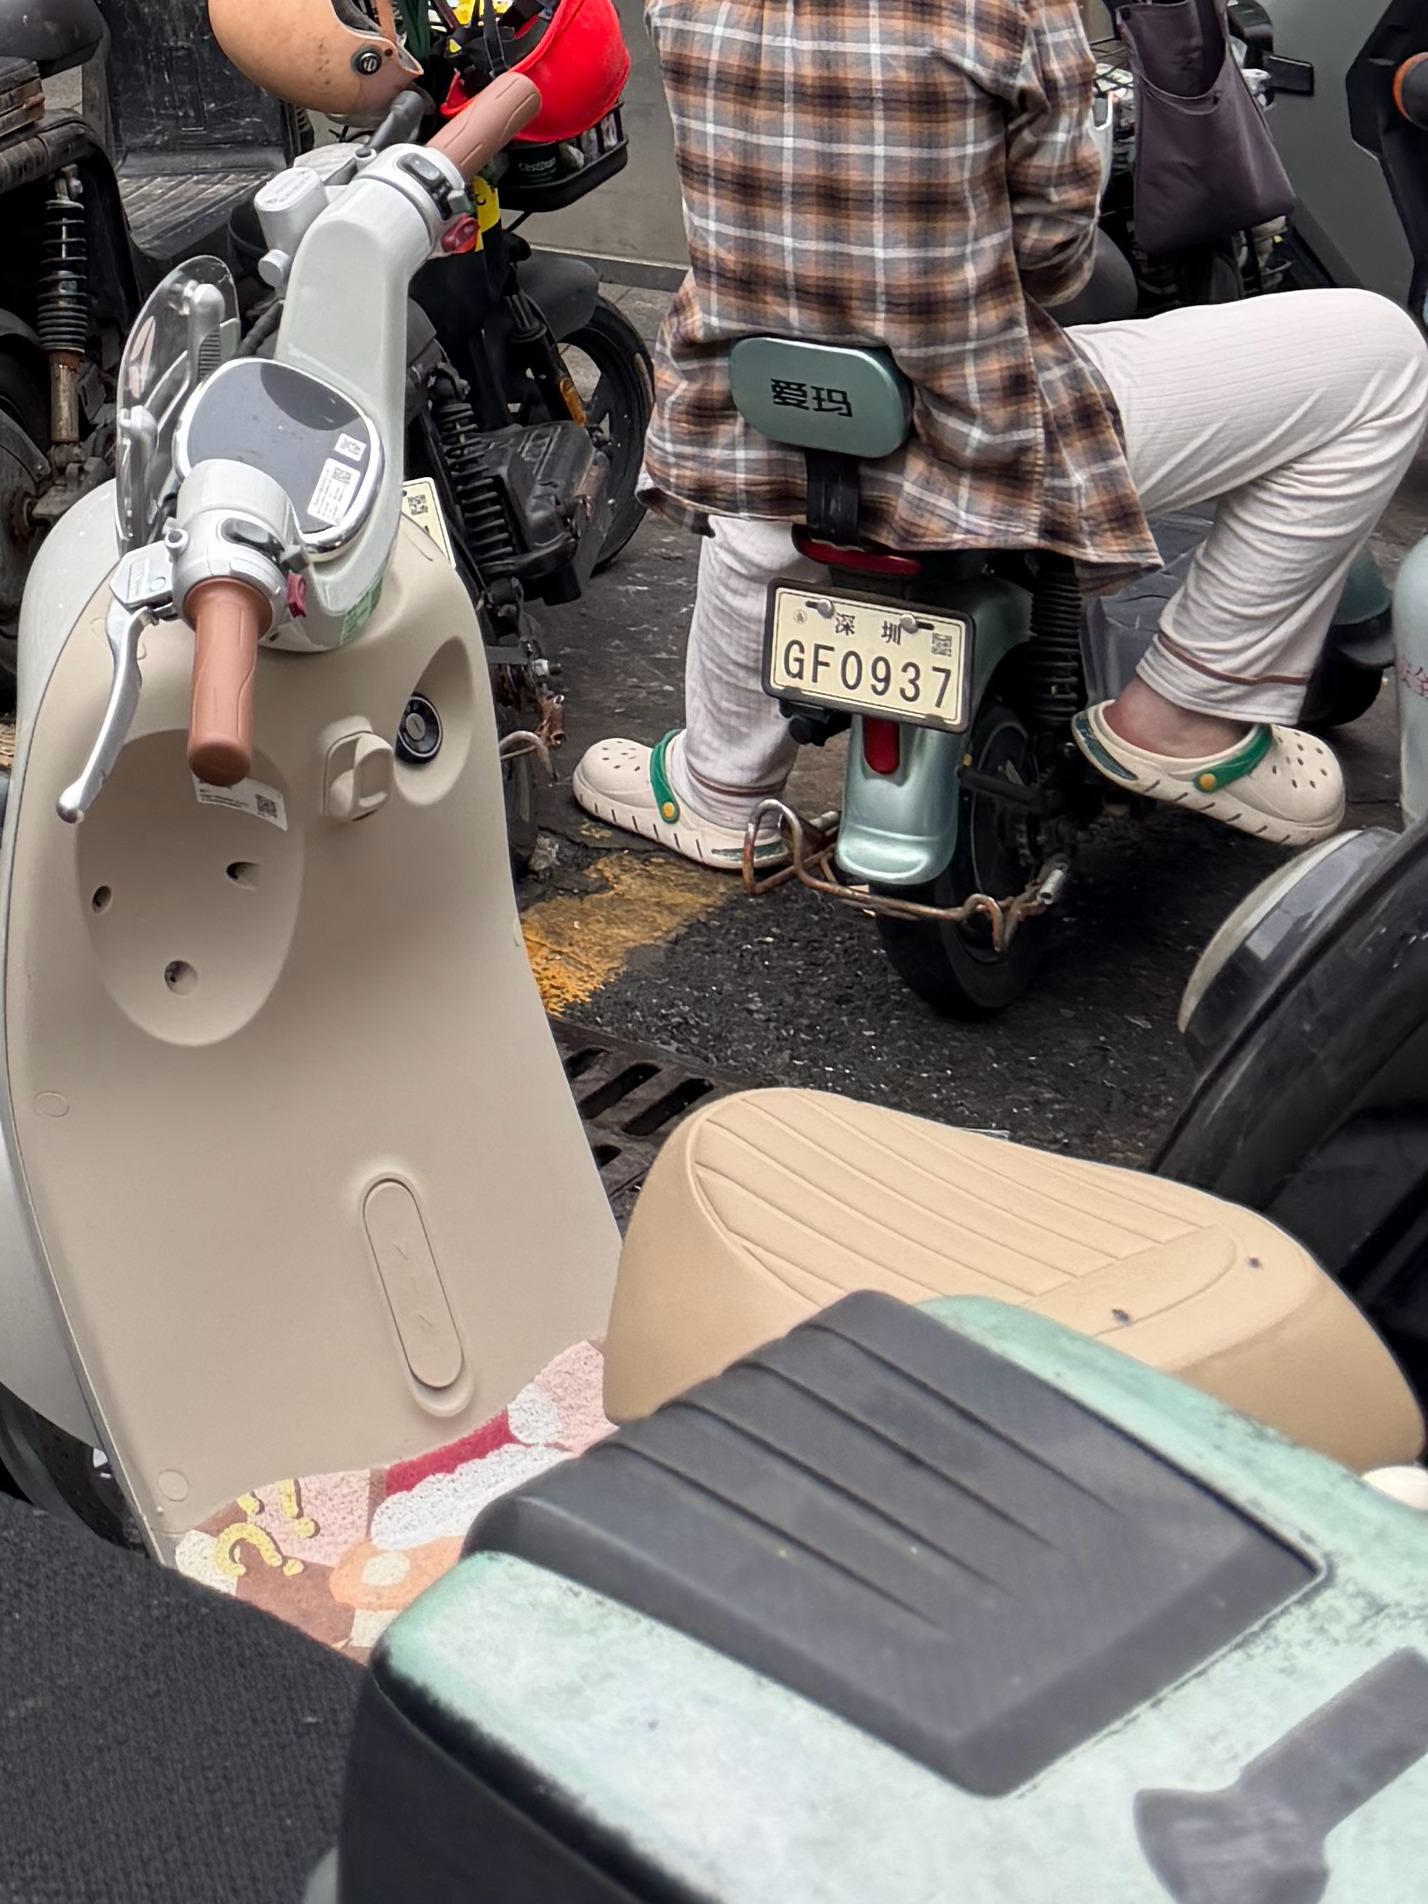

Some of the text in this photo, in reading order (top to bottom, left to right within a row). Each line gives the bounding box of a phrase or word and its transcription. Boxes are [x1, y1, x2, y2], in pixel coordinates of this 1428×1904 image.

[770, 378, 853, 418] 爱玛
[834, 611, 902, 647] 深圳
[782, 638, 952, 710] GF0937
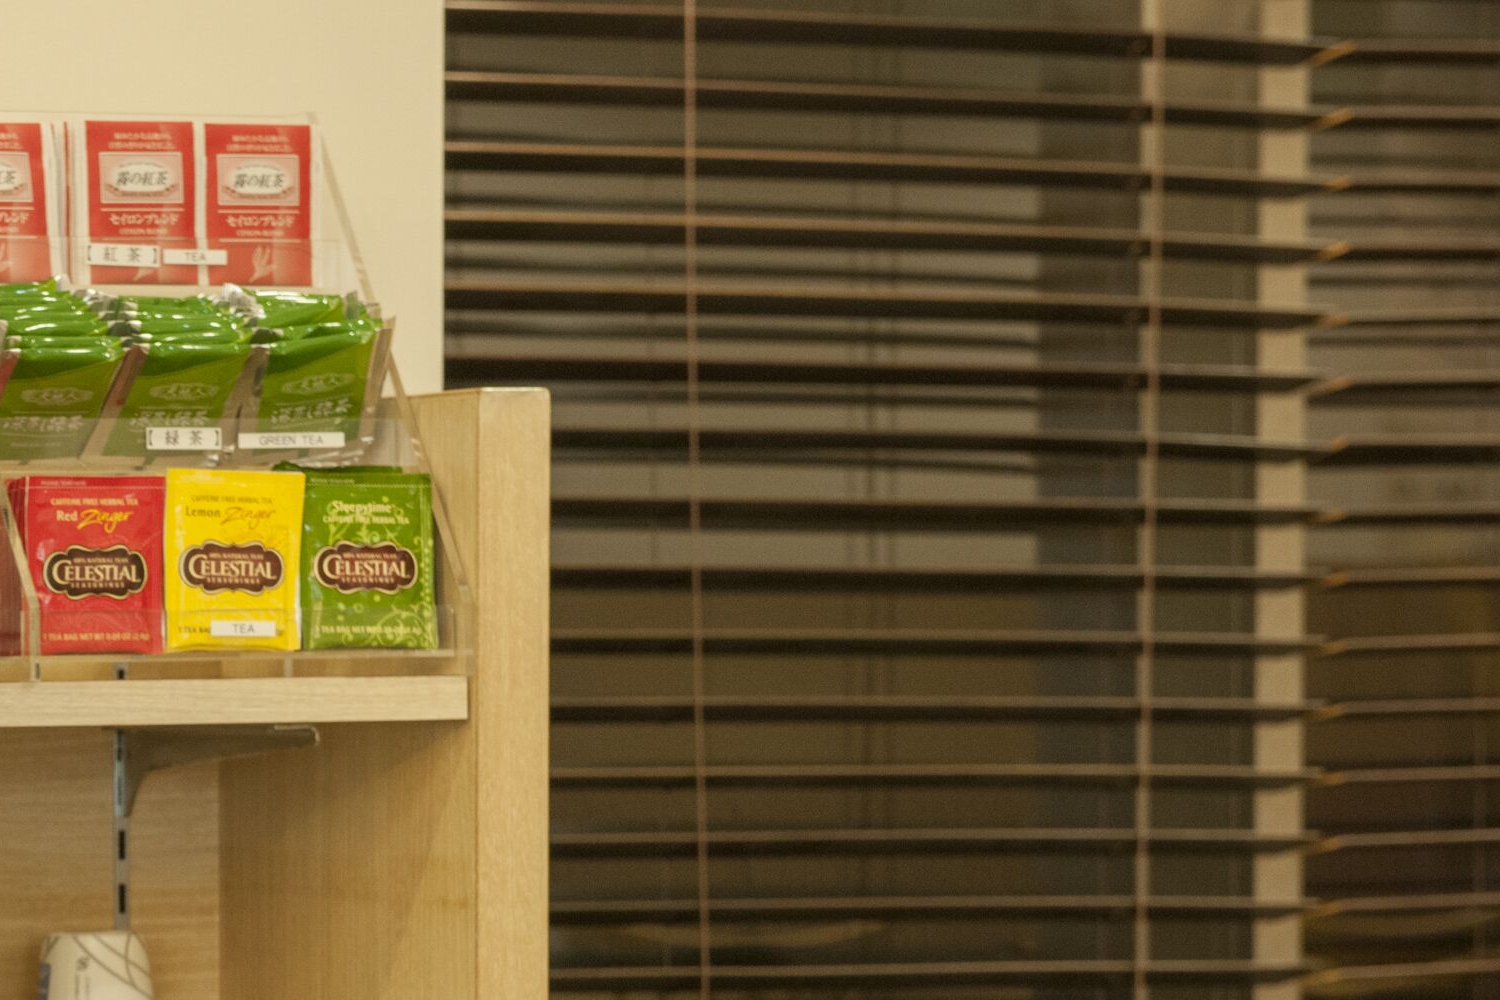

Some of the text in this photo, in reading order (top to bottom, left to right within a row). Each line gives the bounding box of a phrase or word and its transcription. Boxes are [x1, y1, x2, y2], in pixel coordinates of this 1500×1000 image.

[184, 251, 206, 262] TEA
[259, 435, 325, 446] GREEN TEA
[56, 508, 134, 534] Red Zinger
[185, 505, 277, 530] Lemon Zinger
[52, 559, 141, 585] CELESTIAL
[188, 553, 277, 579] CELESTIAL
[323, 553, 411, 579] CELESTIAL
[232, 623, 255, 633] TEA
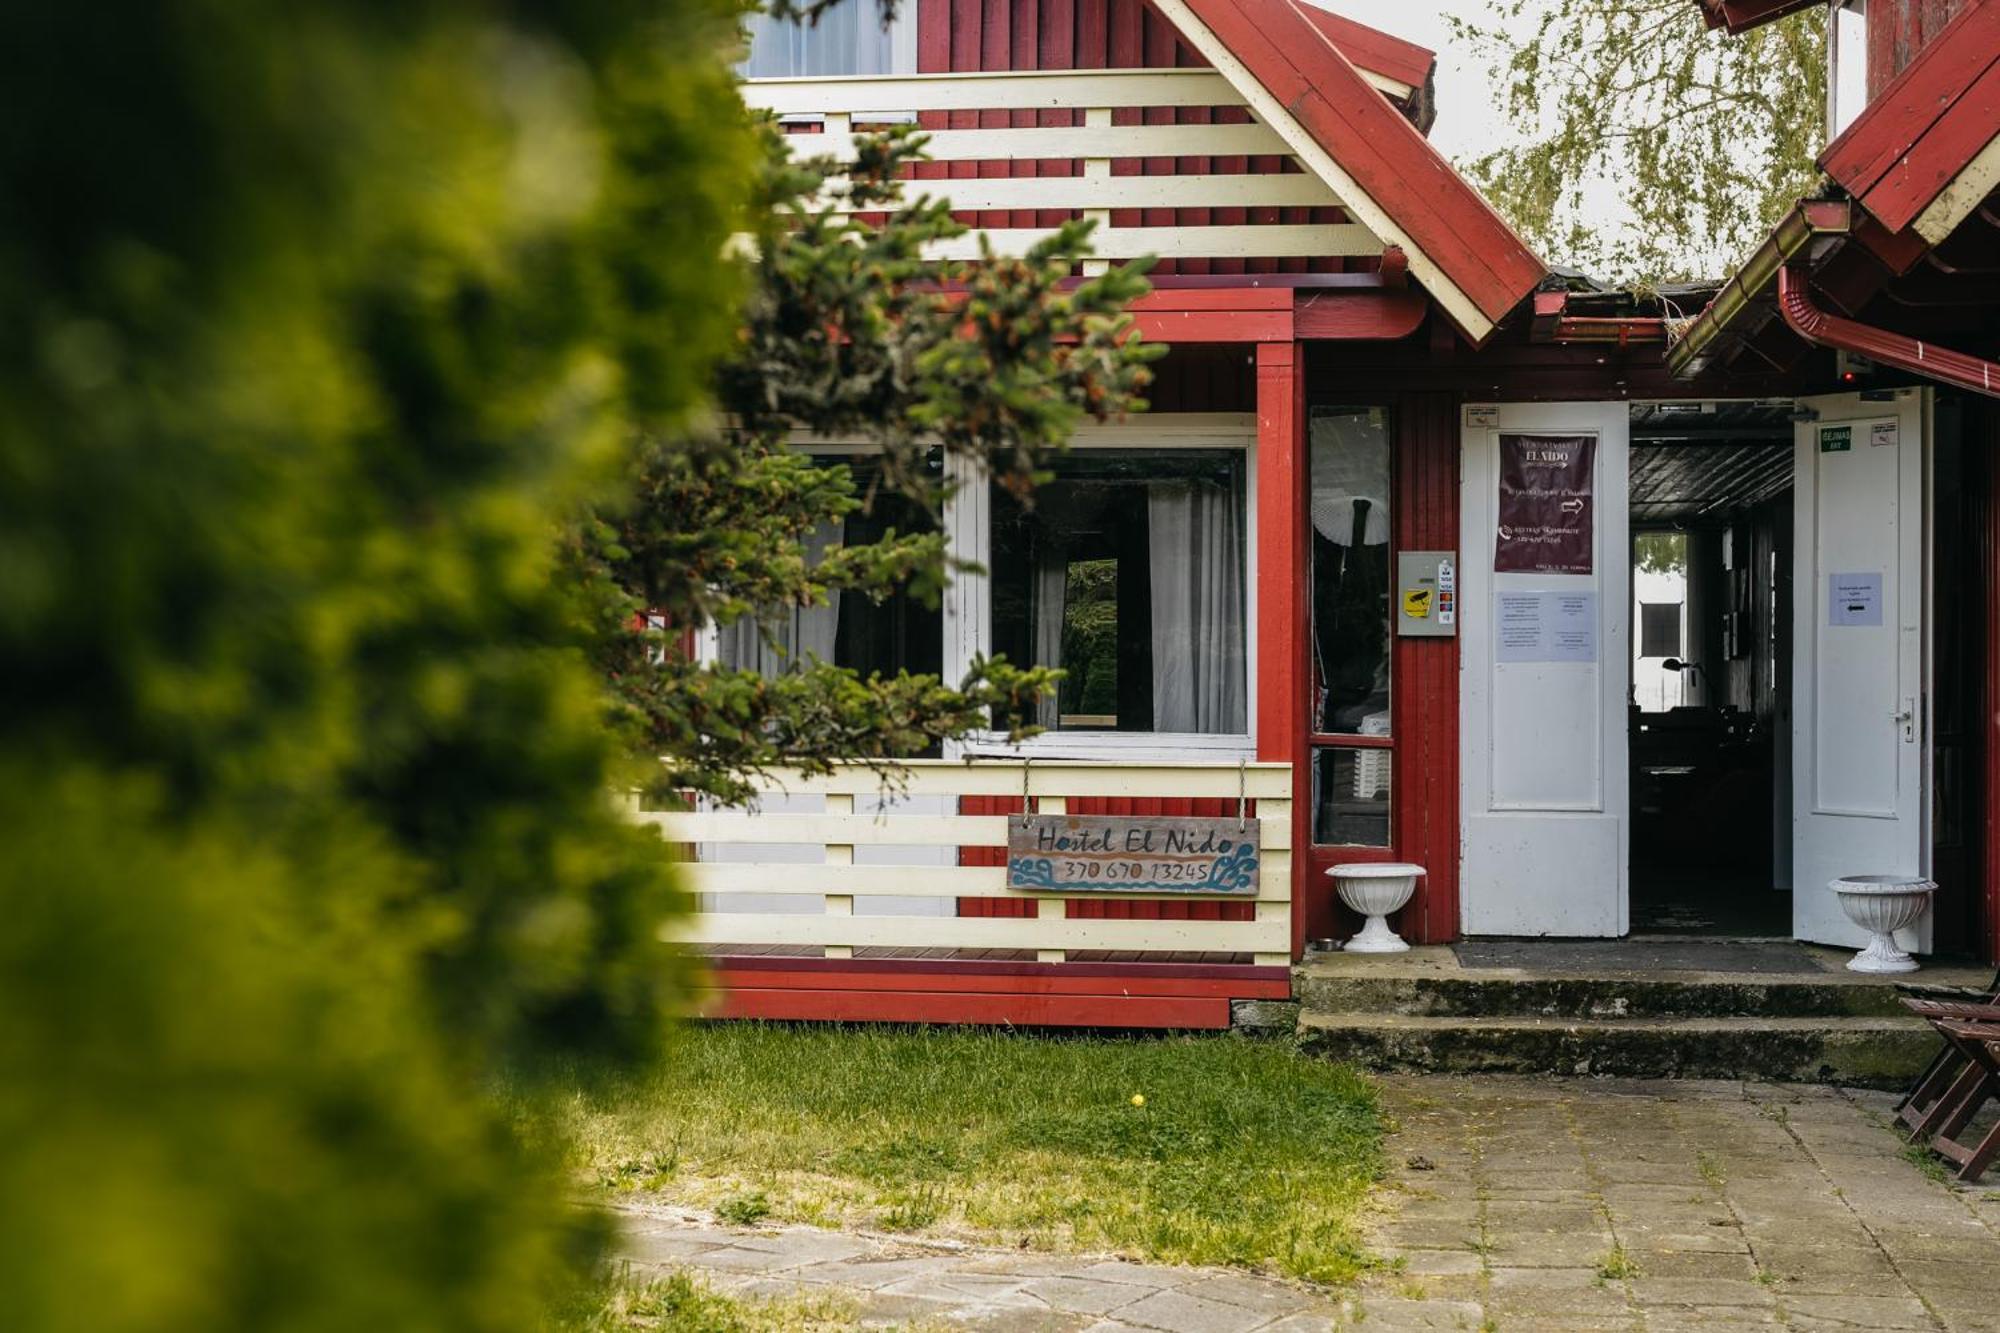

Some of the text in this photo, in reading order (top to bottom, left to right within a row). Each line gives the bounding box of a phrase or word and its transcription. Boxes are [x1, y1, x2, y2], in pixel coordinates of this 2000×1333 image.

[1038, 827, 1232, 854] Hostel El Nido
[1065, 861, 1209, 881] 370 670 13245

▸ **WHAT TO DO**
Without the pictures, return the records above exactly as written.

▸ **RESPONSE TO THIS EXERCISE**
Some of the text in this photo, in reading order (top to bottom, left to right within a row). Each line gives the bounding box of a phrase or word and its transcription. Boxes are [x1, y1, x2, y2], in pixel coordinates of this 1428×1904 image.

[770, 378, 853, 418] 爱玛
[834, 611, 902, 647] 深圳
[782, 638, 952, 710] GF0937

Some of the text in this photo, in reading order (top to bottom, left to right within a row). Each line gives the bounding box of a phrase or word and its transcription. Boxes are [x1, y1, x2, y2], in pixel coordinates of this 1500×1000 image.

[184, 251, 206, 262] TEA
[259, 435, 325, 446] GREEN TEA
[56, 508, 134, 534] Red Zinger
[185, 505, 277, 530] Lemon Zinger
[52, 559, 141, 585] CELESTIAL
[188, 553, 277, 579] CELESTIAL
[323, 553, 411, 579] CELESTIAL
[232, 623, 255, 633] TEA

Some of the text in this photo, in reading order (top to bottom, left to right within a row). Each line gives the bounding box of a phrase or word and its transcription. Boxes are [x1, y1, x2, y2], in pixel coordinates of this 2000×1333 image.

[1038, 827, 1232, 854] Hostel El Nido
[1065, 861, 1209, 881] 370 670 13245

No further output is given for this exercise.